Can Nuttall bring UKIP back from the brink?

Paul Nuttall is now the favourite to win the leadership of UKIP

It is a habit of almost all small parties, even the most successful ones, to rely almost entirely on the presence of a single dominant figure. Take the Green Party as an example, where Caroline Lucas is back in the leader’s office after Natalie Bennett’s disastrous single term at the helm. Ms Lucas initially stepped down as leader in 2012 in order to ‘raise the profile of others’ within the party, but after four years of pursuing that strategy the environmentalist outfit decided that, if it is to compete with Jeremy Corbyn’s Labour Party for the left-wing vote, it needs to return to the stewardship of its widely-respected former leader.


At the other end of the political spectrum, UKIP has had similar trouble emerging from the shadow of Nigel Farage’s successful but controversial leadership. Mr Farage attracted scorn last year when he ‘unresigned’ just days after announcing his departure, and although he was believed to be gone for good following his triumph at this summer’s EU referendum, he is now back yet again after his successor, Diane James, lasted just eighteen days. Farage insists that he will not be a candidate in the upcoming leadership election, but no matter what happens, one can be certain that he will continue to loom large over UKIP’s internal politics.


In many ways, Farage’s UKIP has been a victim of its own success. Since 2014, the party has won a European election, received the third-highest number of votes in a general election, and successfully helped to guide Britain out of the European Union against all the odds and in the face of strong opposition from the political establishment. All of these are great achievements which make UKIP the most successful minor party in modern British politics, but they have come at a cost; with all its wishes having been granted, the party now has to decide what its purpose will be in a Britain that is free from the shackles of the EU.

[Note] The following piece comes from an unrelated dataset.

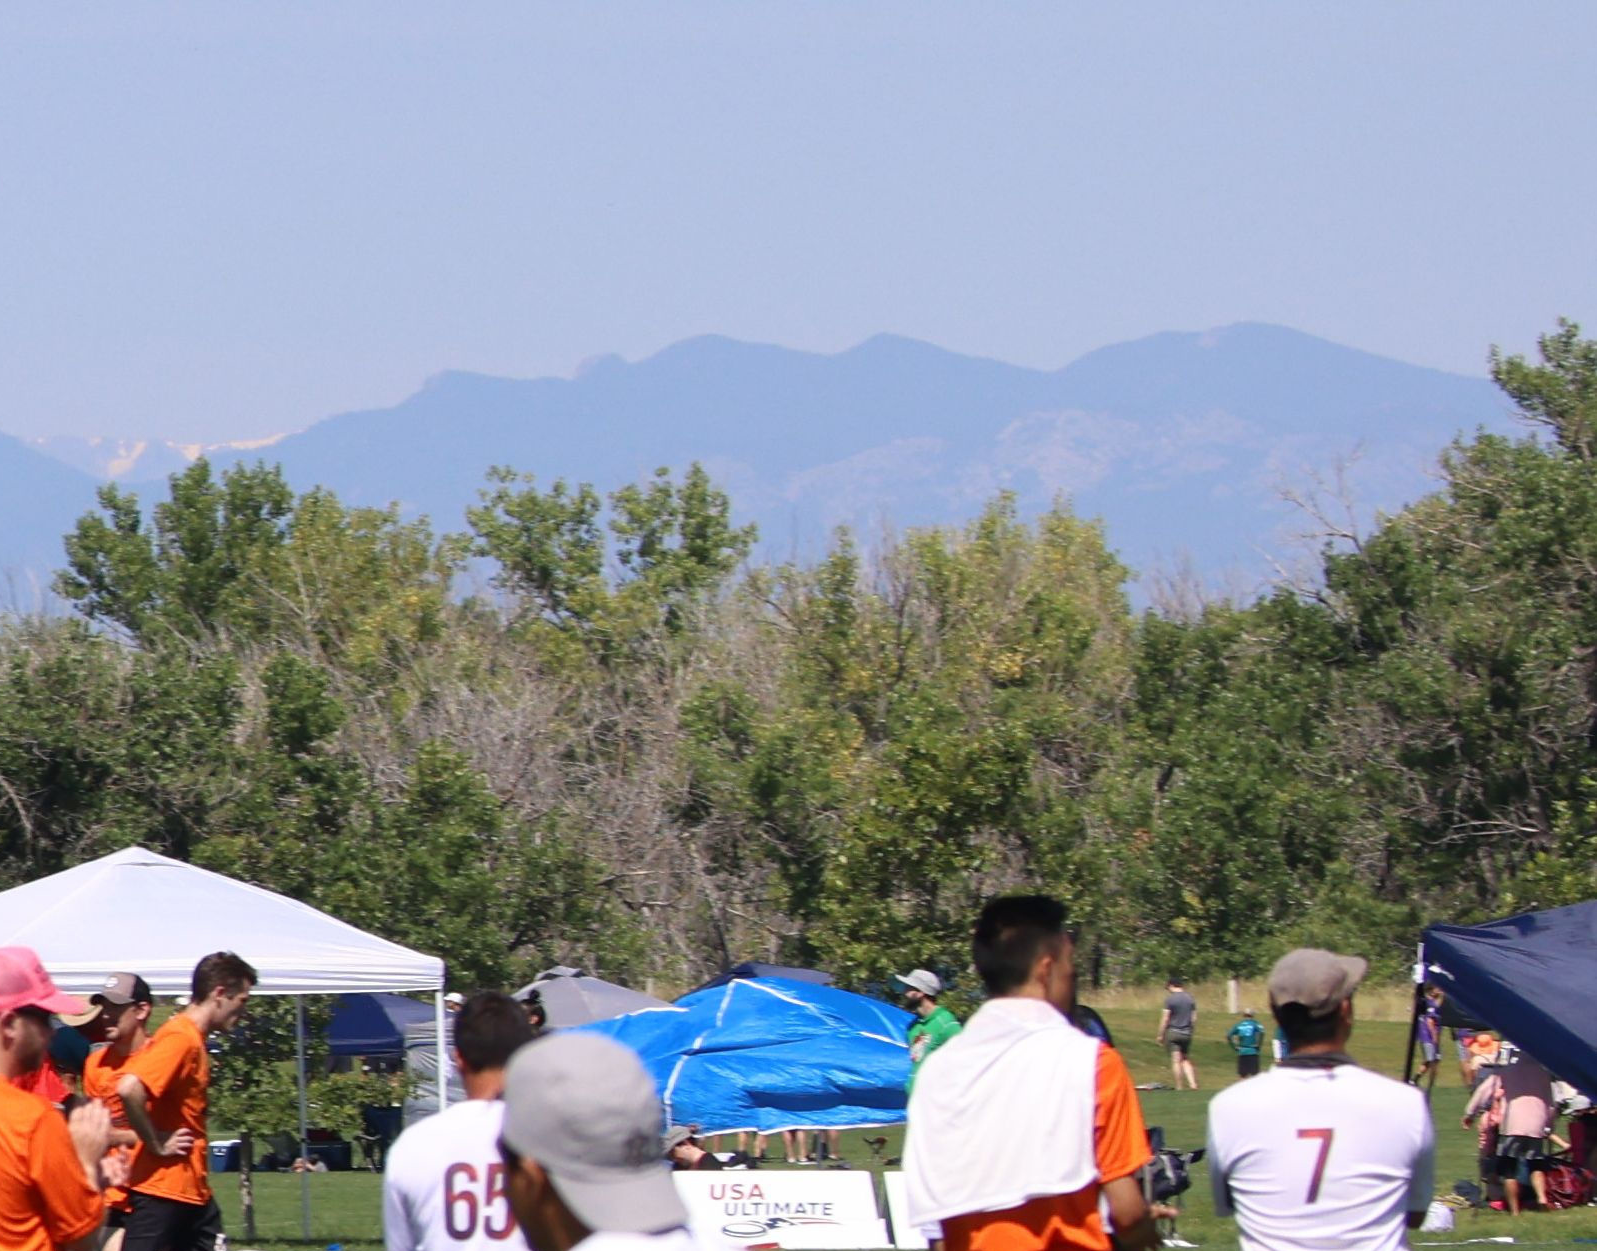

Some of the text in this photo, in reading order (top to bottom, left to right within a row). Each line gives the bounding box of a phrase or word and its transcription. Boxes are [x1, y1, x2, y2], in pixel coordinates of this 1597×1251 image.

It is to Nigel Farage’s credit that UKIP has shed its previous reputation as a single-issue party under his stewardship, expanding beyond their laser-like opposition to the EU in order to develop a wider political platform. However, in seeking to transform UKIP into a populist tribune of the white working-classes, Farage has sailed close to the wind and alienated many within his party who object to his scaremongering rhetoric about immigration. UKIP’s survival will depend on its ability to retain its working-class support base, but it must also prevent itself from sliding into the ugly cesspit of far-right xenophobia; after all, no such party has ever enjoyed long-term success in this country.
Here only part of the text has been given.